S’il en agace certains, c’est aussi parce que le pape se fait souvent cassant avec les hauts personnages qui l’entourent, tout en témoignant au contraire une grande attention pour les petites mains du Vatican. Jean-Marie Guénois livre une anecdote savoureuse à ce sujet. En 2016, le porte-parole du Saint-Siège, Federico Lombardi, prend sa retraite le même jour qu’un bagagiste chargé des valises pontificales lors des voyages. Tandis que l’on se réunit autour d’un gâteau pour remercier le premier, François s’avance, le partage en deux pour en donner la moitié au second, puis prend la parole devant soixante-dix journalistes pour longuement louer l’employé sans presque rien dire du travail réalisé pendant vingt-sept ans par le prélat, qui avait pourtant dirigé Radio Vatican puis la salle de presse du Saint-Siège.

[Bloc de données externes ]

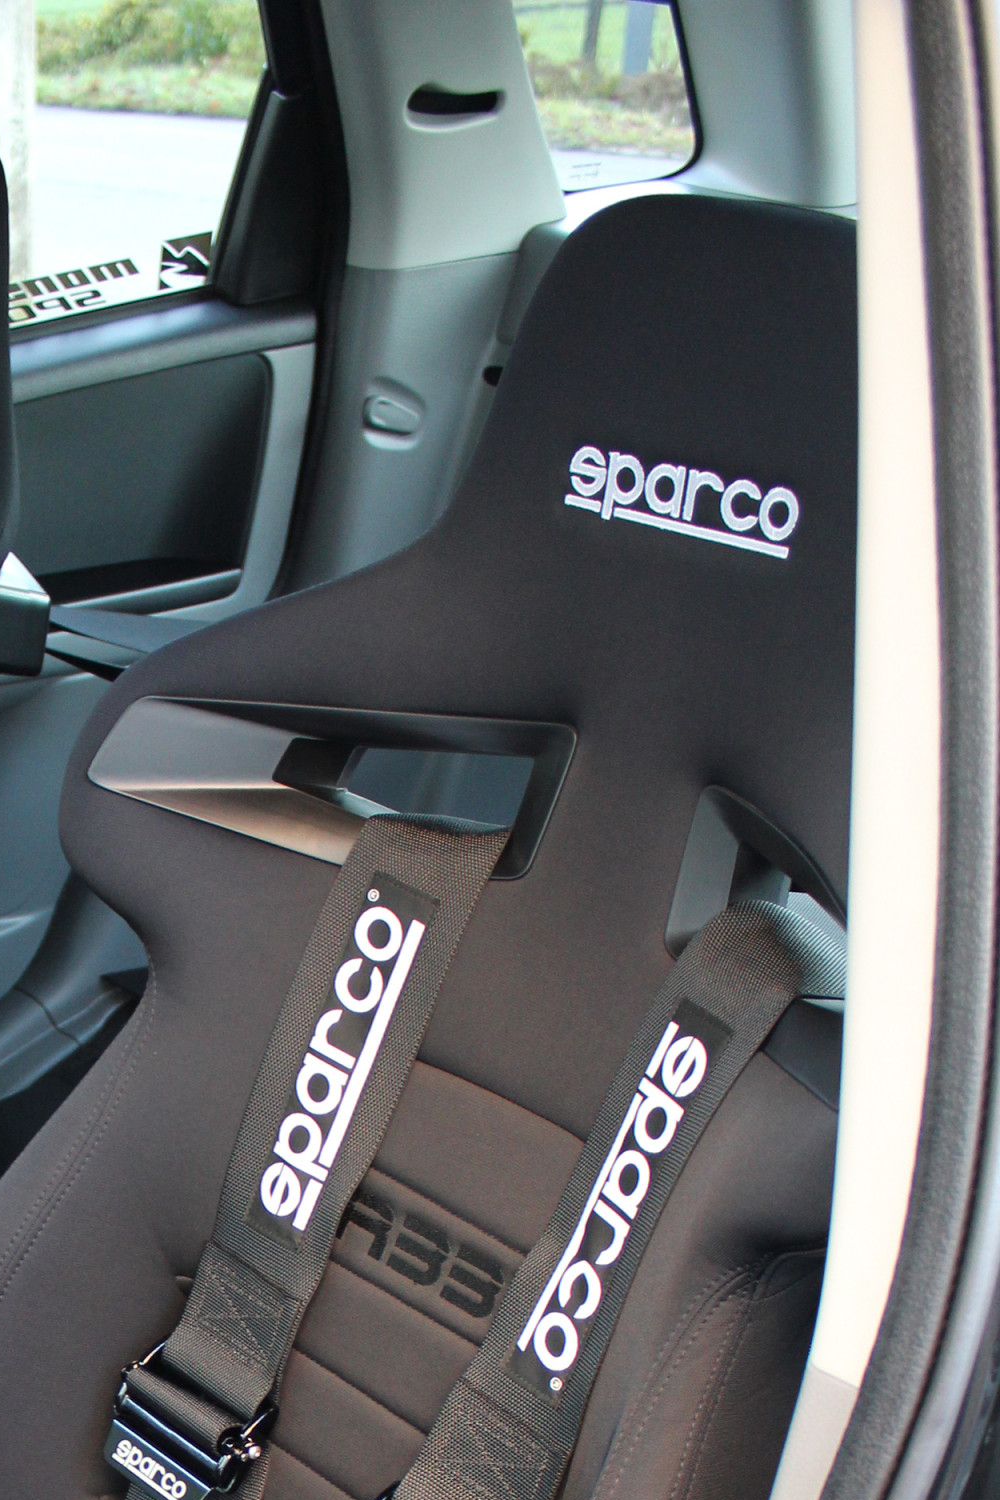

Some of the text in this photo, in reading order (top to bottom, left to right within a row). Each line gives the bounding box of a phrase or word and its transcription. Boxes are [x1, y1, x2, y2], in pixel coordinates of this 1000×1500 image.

[564, 445, 799, 559] sparco
[260, 907, 426, 1232] sparco
[517, 1021, 708, 1371] sparco

Manière pour le pape d’exprimer son attachement à l’égalité au sein du « peuple de Dieu ».
La « grande ambition »
Au-delà du personnage François, que restera-t-il des dix premières années du pontificat ? L’auteur retient évidemment ses réformes visant à limiter l’influence de la curie, la mise en sourdine des traditionnelles injonctions sur la morale sexuelle, la volonté de mettre l’accent sur les « périphéries », « l’option préférentielle pour les pauvres » ou encore le souci écologique. Toutefois, la « grande ambition du pontificat » est ailleurs, nous dit Jean-Marie Guénois : dans la promotion de la « synodalité », c’est-à-dire la participation de l’ensemble des baptisés à la vie d’une Eglise que le pape rêve moins hiérarchisée.
Jean-Marie Guénois ne compte pas parmi les thuriféraires de François. Il laisse en effet régulièrement poindre son agacement à l’encontre d’un pape qui s’adresse au monde d’un ton fort amical, tout en se montrant souvent autoritaire voire colérique à l’égard du clergé ou de catholiques ordinaires jugés insuffisamment évangéliques à ses yeux. Jean-Marie Guénois souligne également que, si le pape sait se faire apprécier des non-catholiques, cela ne suffit pas à repeupler les églises des sociétés occidentales sécularisées.